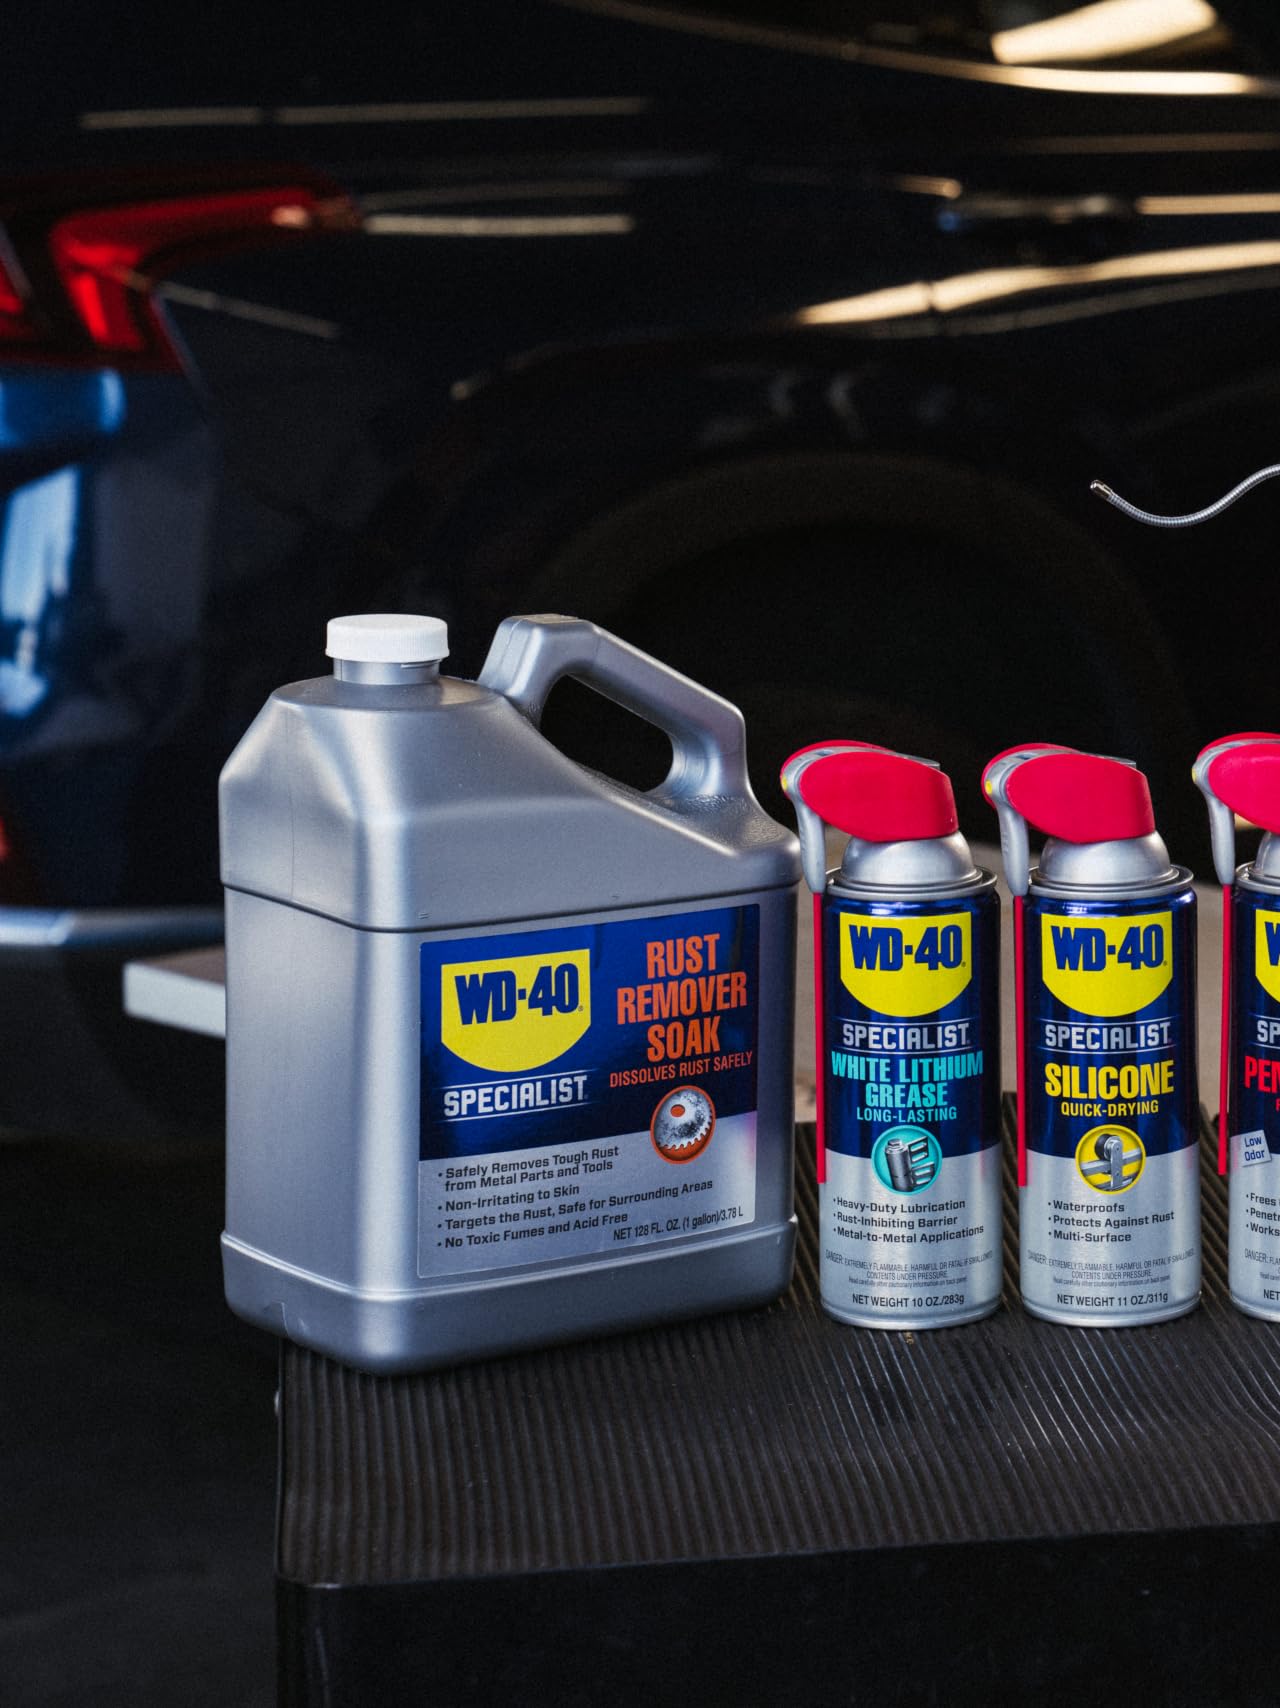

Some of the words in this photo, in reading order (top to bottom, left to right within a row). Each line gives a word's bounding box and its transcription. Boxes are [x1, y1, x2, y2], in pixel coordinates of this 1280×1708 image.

[647, 933, 720, 978] RUST
[849, 925, 962, 971] WD-40
[1051, 924, 1164, 972] WD-40
[455, 963, 579, 1026] WD-40
[617, 972, 747, 1024] REMOVER
[647, 1016, 721, 1062] SOAK
[843, 1023, 970, 1050] SPECIALIST
[1045, 1022, 1170, 1050] SPECIALIST
[609, 1064, 676, 1088] DISSOLVES
[679, 1059, 710, 1076] RUST
[713, 1051, 753, 1072] SAFELY
[831, 1051, 890, 1082] WHITE
[899, 1051, 983, 1083] LITHIUM
[1045, 1060, 1174, 1100] SILICONE
[444, 1075, 588, 1116] SPECIALIST
[865, 1083, 948, 1108] GREASE
[1061, 1100, 1159, 1117] QUICK-DRYING
[857, 1107, 957, 1124] LONG-LASTING
[1244, 1135, 1262, 1148] Low
[446, 1165, 488, 1178] Safely
[492, 1158, 549, 1173] Removes
[552, 1151, 588, 1164] Tough
[592, 1146, 619, 1159] Rust
[1244, 1149, 1265, 1162] Odor
[445, 1181, 476, 1191] from
[480, 1173, 517, 1188] Metal
[521, 1169, 554, 1183] Parts
[558, 1164, 578, 1177] and
[582, 1160, 612, 1174] Tools
[445, 1193, 534, 1211] Non-Irritating
[537, 1190, 550, 1200] to
[554, 1185, 580, 1197] Skin
[445, 1215, 496, 1230] Targets
[500, 1212, 519, 1223] the
[523, 1207, 555, 1220] Rust,
[558, 1202, 585, 1215] Safe
[589, 1199, 606, 1210] for
[609, 1186, 678, 1206] Surrounding
[681, 1181, 713, 1193] Areas
[837, 1197, 897, 1214] Heavy-Duty
[900, 1199, 965, 1214] Lubrication
[1053, 1200, 1125, 1213] Waterproofs
[1250, 1193, 1276, 1206] Frees
[445, 1238, 463, 1248] No
[467, 1232, 500, 1245] Toxic
[503, 1227, 544, 1241] Fumes
[548, 1222, 570, 1234] and
[573, 1216, 598, 1230] Acid
[602, 1213, 628, 1225] Free
[613, 1227, 631, 1240] NET
[635, 1225, 648, 1237] 128
[651, 1222, 664, 1234] FL.
[667, 1218, 681, 1232] OZ.
[683, 1217, 690, 1232] (1
[738, 1206, 743, 1217] L
[837, 1212, 915, 1230] Rust-Inhibiting
[918, 1216, 958, 1228] Barrier
[1053, 1215, 1101, 1228] Protects
[1105, 1215, 1149, 1229] Against
[1152, 1211, 1174, 1224] Rust
[1250, 1223, 1280, 1237] Works
[837, 1226, 916, 1243] Metal-to-Metal
[920, 1225, 984, 1244] Applications
[1053, 1230, 1132, 1242] Multi-Surface
[853, 1294, 870, 1305] NET
[871, 1295, 908, 1307] WEIGHT
[912, 1298, 923, 1307] 10
[926, 1294, 964, 1307] OZ./283g
[1057, 1294, 1074, 1305] NET
[1076, 1295, 1114, 1307] WEIGHT
[1118, 1298, 1127, 1306] 11
[1131, 1293, 1168, 1306] OZ./311g
[1264, 1289, 1280, 1300] NET
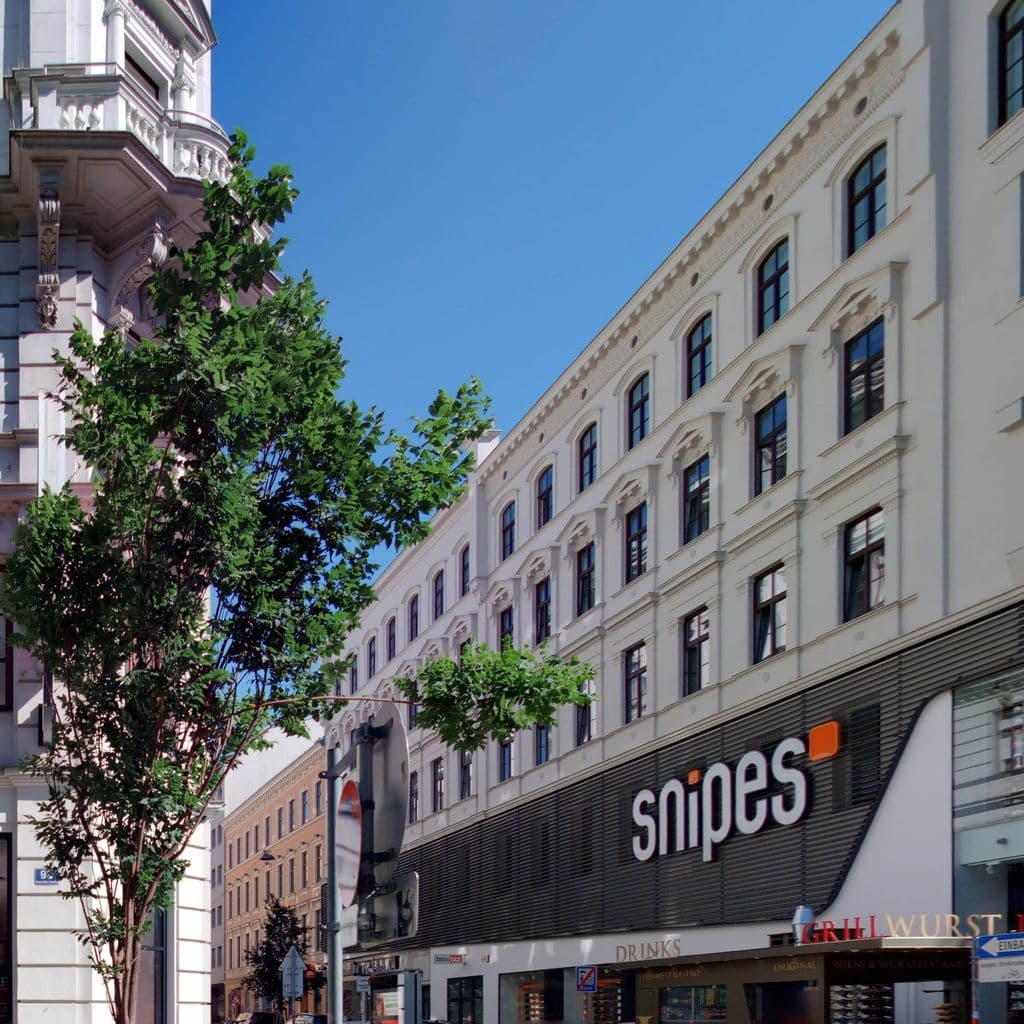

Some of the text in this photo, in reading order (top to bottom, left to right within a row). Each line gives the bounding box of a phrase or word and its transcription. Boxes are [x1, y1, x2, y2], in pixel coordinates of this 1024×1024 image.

[632, 737, 807, 862] snipes
[616, 938, 681, 963] DRINKS
[999, 938, 1024, 951] EINBA
[774, 959, 817, 971] ORIGINAL
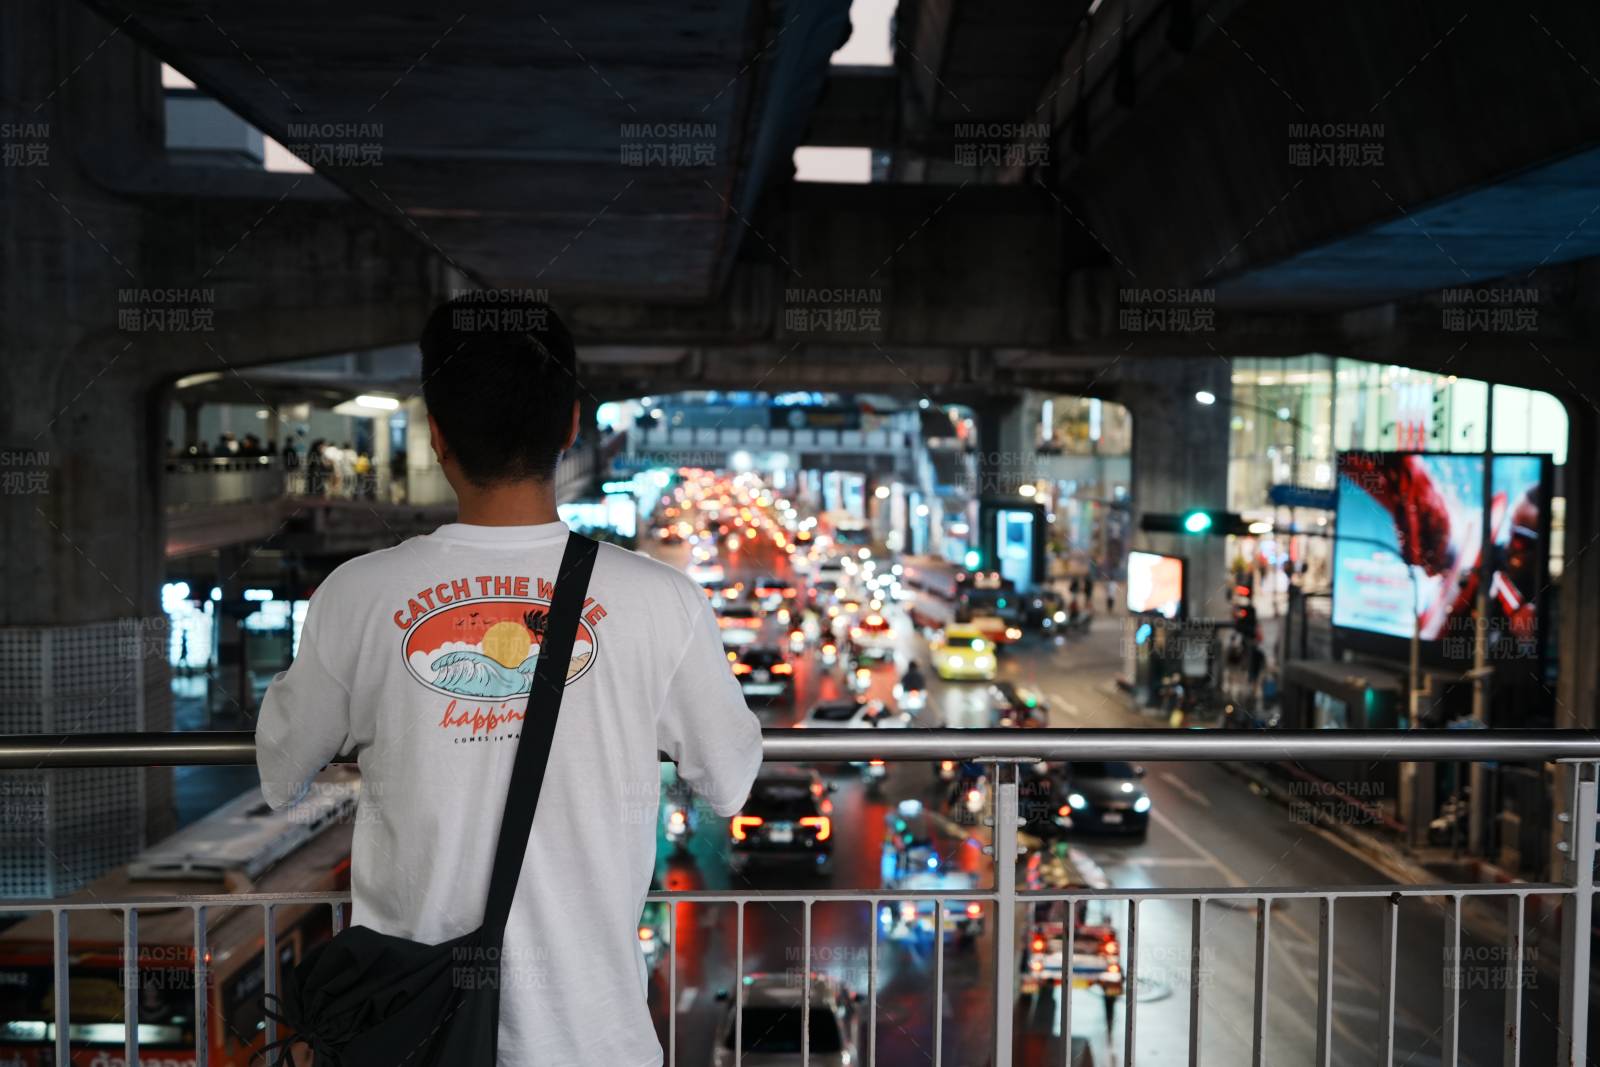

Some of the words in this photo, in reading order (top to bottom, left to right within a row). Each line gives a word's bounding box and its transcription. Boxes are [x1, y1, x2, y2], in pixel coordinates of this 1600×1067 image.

[394, 578, 472, 630] CATCH
[476, 576, 530, 596] THE
[537, 577, 607, 627] WE
[439, 699, 527, 736] happin
[454, 735, 489, 744] COMES
[507, 732, 521, 740] WA
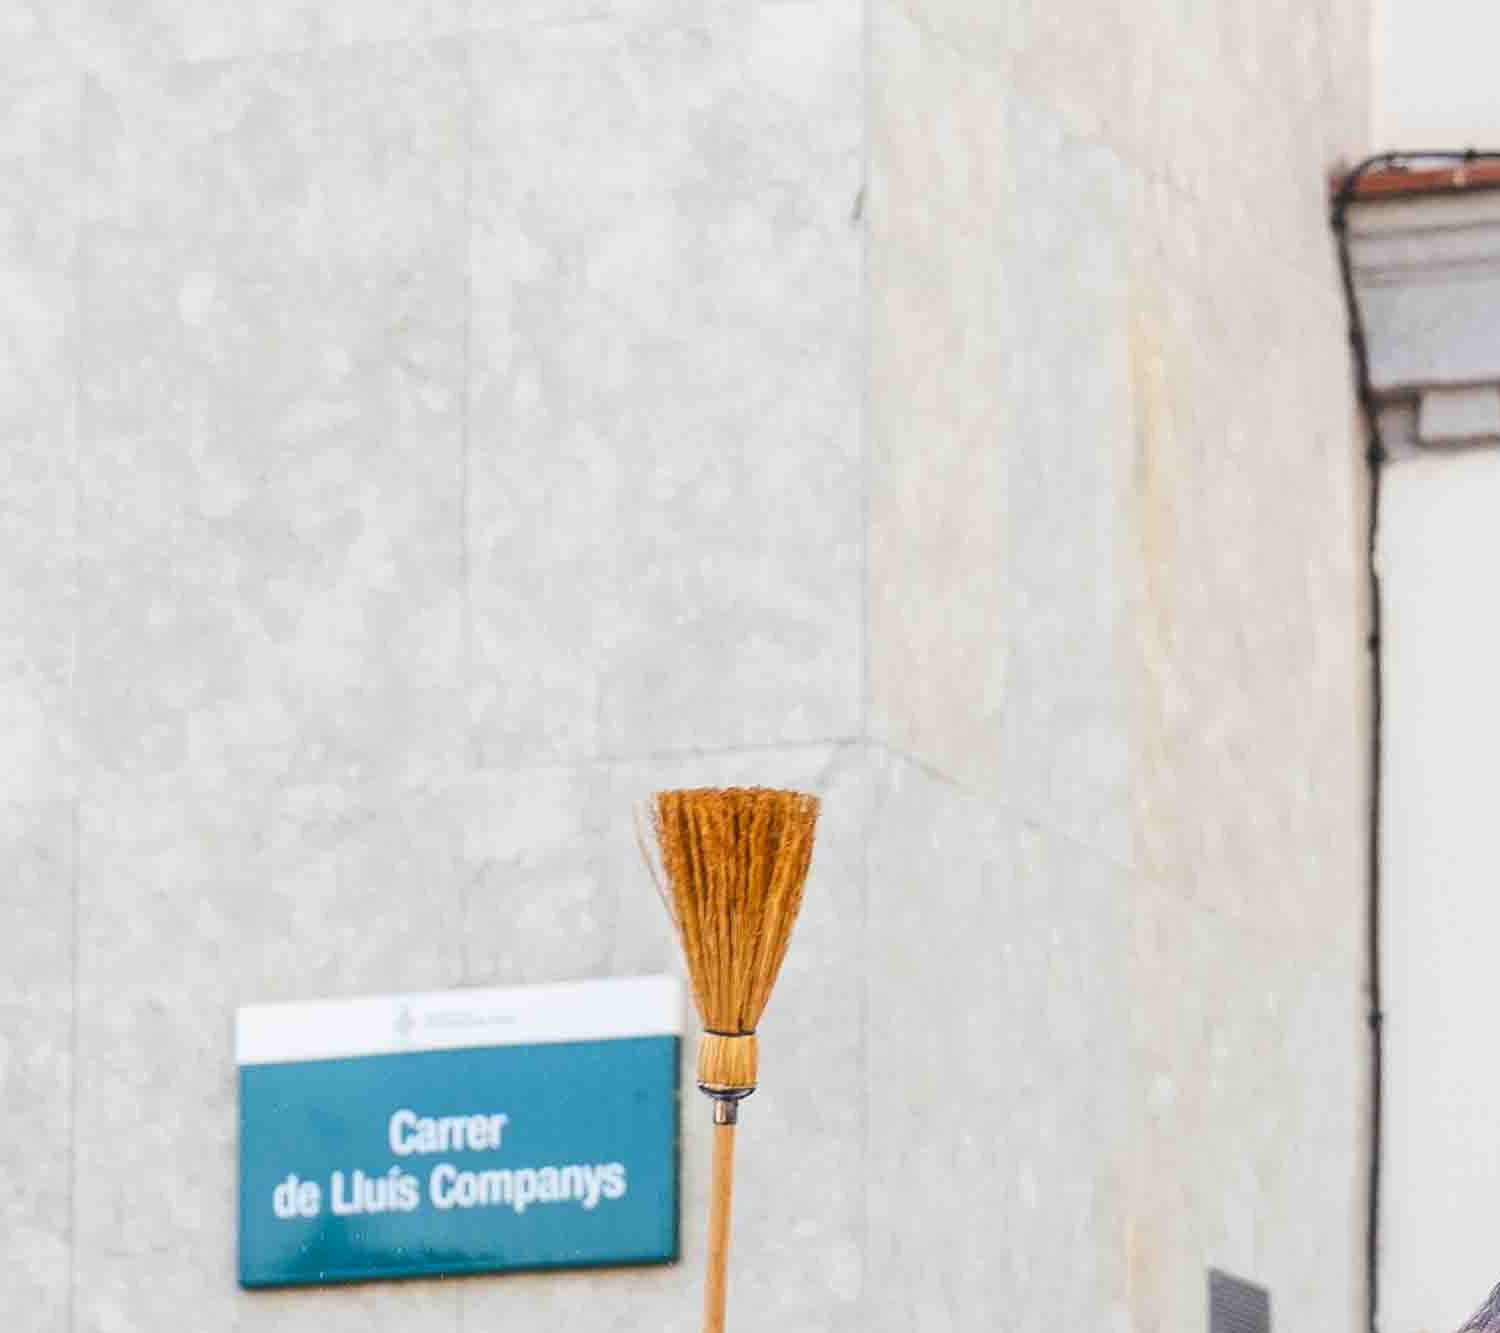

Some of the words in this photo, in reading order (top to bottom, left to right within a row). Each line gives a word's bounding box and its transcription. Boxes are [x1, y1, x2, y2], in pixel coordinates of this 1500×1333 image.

[390, 1111, 505, 1154] Carrer
[274, 1175, 320, 1217] de
[332, 1167, 419, 1214] Lluís
[431, 1163, 625, 1211] Companys

== Activity ==
Skip the pictures and transcribe the rest of the records exactly.

== Exercise response ==
Some of the words in this photo, in reading order (top to bottom, left to right within a row). Each line gives a word's bounding box and its transcription. Boxes are [x1, y1, x2, y2], in pixel coordinates of this 1280×1708 image.

[647, 933, 720, 978] RUST
[849, 925, 962, 971] WD-40
[1051, 924, 1164, 972] WD-40
[455, 963, 579, 1026] WD-40
[617, 972, 747, 1024] REMOVER
[647, 1016, 721, 1062] SOAK
[843, 1023, 970, 1050] SPECIALIST
[1045, 1022, 1170, 1050] SPECIALIST
[609, 1064, 676, 1088] DISSOLVES
[679, 1059, 710, 1076] RUST
[713, 1051, 753, 1072] SAFELY
[831, 1051, 890, 1082] WHITE
[899, 1051, 983, 1083] LITHIUM
[1045, 1060, 1174, 1100] SILICONE
[444, 1075, 588, 1116] SPECIALIST
[865, 1083, 948, 1108] GREASE
[1061, 1100, 1159, 1117] QUICK-DRYING
[857, 1107, 957, 1124] LONG-LASTING
[1244, 1135, 1262, 1148] Low
[446, 1165, 488, 1178] Safely
[492, 1158, 549, 1173] Removes
[552, 1151, 588, 1164] Tough
[592, 1146, 619, 1159] Rust
[1244, 1149, 1265, 1162] Odor
[445, 1181, 476, 1191] from
[480, 1173, 517, 1188] Metal
[521, 1169, 554, 1183] Parts
[558, 1164, 578, 1177] and
[582, 1160, 612, 1174] Tools
[445, 1193, 534, 1211] Non-Irritating
[537, 1190, 550, 1200] to
[554, 1185, 580, 1197] Skin
[445, 1215, 496, 1230] Targets
[500, 1212, 519, 1223] the
[523, 1207, 555, 1220] Rust,
[558, 1202, 585, 1215] Safe
[589, 1199, 606, 1210] for
[609, 1186, 678, 1206] Surrounding
[681, 1181, 713, 1193] Areas
[837, 1197, 897, 1214] Heavy-Duty
[900, 1199, 965, 1214] Lubrication
[1053, 1200, 1125, 1213] Waterproofs
[1250, 1193, 1276, 1206] Frees
[445, 1238, 463, 1248] No
[467, 1232, 500, 1245] Toxic
[503, 1227, 544, 1241] Fumes
[548, 1222, 570, 1234] and
[573, 1216, 598, 1230] Acid
[602, 1213, 628, 1225] Free
[613, 1227, 631, 1240] NET
[635, 1225, 648, 1237] 128
[651, 1222, 664, 1234] FL.
[667, 1218, 681, 1232] OZ.
[683, 1217, 690, 1232] (1
[738, 1206, 743, 1217] L
[837, 1212, 915, 1230] Rust-Inhibiting
[918, 1216, 958, 1228] Barrier
[1053, 1215, 1101, 1228] Protects
[1105, 1215, 1149, 1229] Against
[1152, 1211, 1174, 1224] Rust
[1250, 1223, 1280, 1237] Works
[837, 1226, 916, 1243] Metal-to-Metal
[920, 1225, 984, 1244] Applications
[1053, 1230, 1132, 1242] Multi-Surface
[853, 1294, 870, 1305] NET
[871, 1295, 908, 1307] WEIGHT
[912, 1298, 923, 1307] 10
[926, 1294, 964, 1307] OZ./283g
[1057, 1294, 1074, 1305] NET
[1076, 1295, 1114, 1307] WEIGHT
[1118, 1298, 1127, 1306] 11
[1131, 1293, 1168, 1306] OZ./311g
[1264, 1289, 1280, 1300] NET

Some of the text in this photo, in reading order (top to bottom, left to right within a row). Each line gives the bounding box of a phrase or word and its transcription. Boxes are [x1, y1, x2, y2], in pixel coordinates of this 1024×1024 image.

[632, 737, 807, 862] snipes
[616, 938, 681, 963] DRINKS
[999, 938, 1024, 951] EINBA
[774, 959, 817, 971] ORIGINAL

Some of the words in this photo, in reading order (top to bottom, left to right within a row). Each line gives a word's bounding box and its transcription. Boxes are [x1, y1, x2, y2], in pixel coordinates of this 1600×1067 image.

[394, 578, 472, 630] CATCH
[476, 576, 530, 596] THE
[537, 577, 607, 627] WE
[439, 699, 527, 736] happin
[454, 735, 489, 744] COMES
[507, 732, 521, 740] WA

Some of the words in this photo, in reading order (top to bottom, left to right within a row). Each line gives a word's bounding box and its transcription. Boxes are [x1, y1, x2, y2], in pixel coordinates of this 1500×1333 image.

[390, 1111, 505, 1154] Carrer
[274, 1175, 320, 1217] de
[332, 1167, 419, 1214] Lluís
[431, 1163, 625, 1211] Companys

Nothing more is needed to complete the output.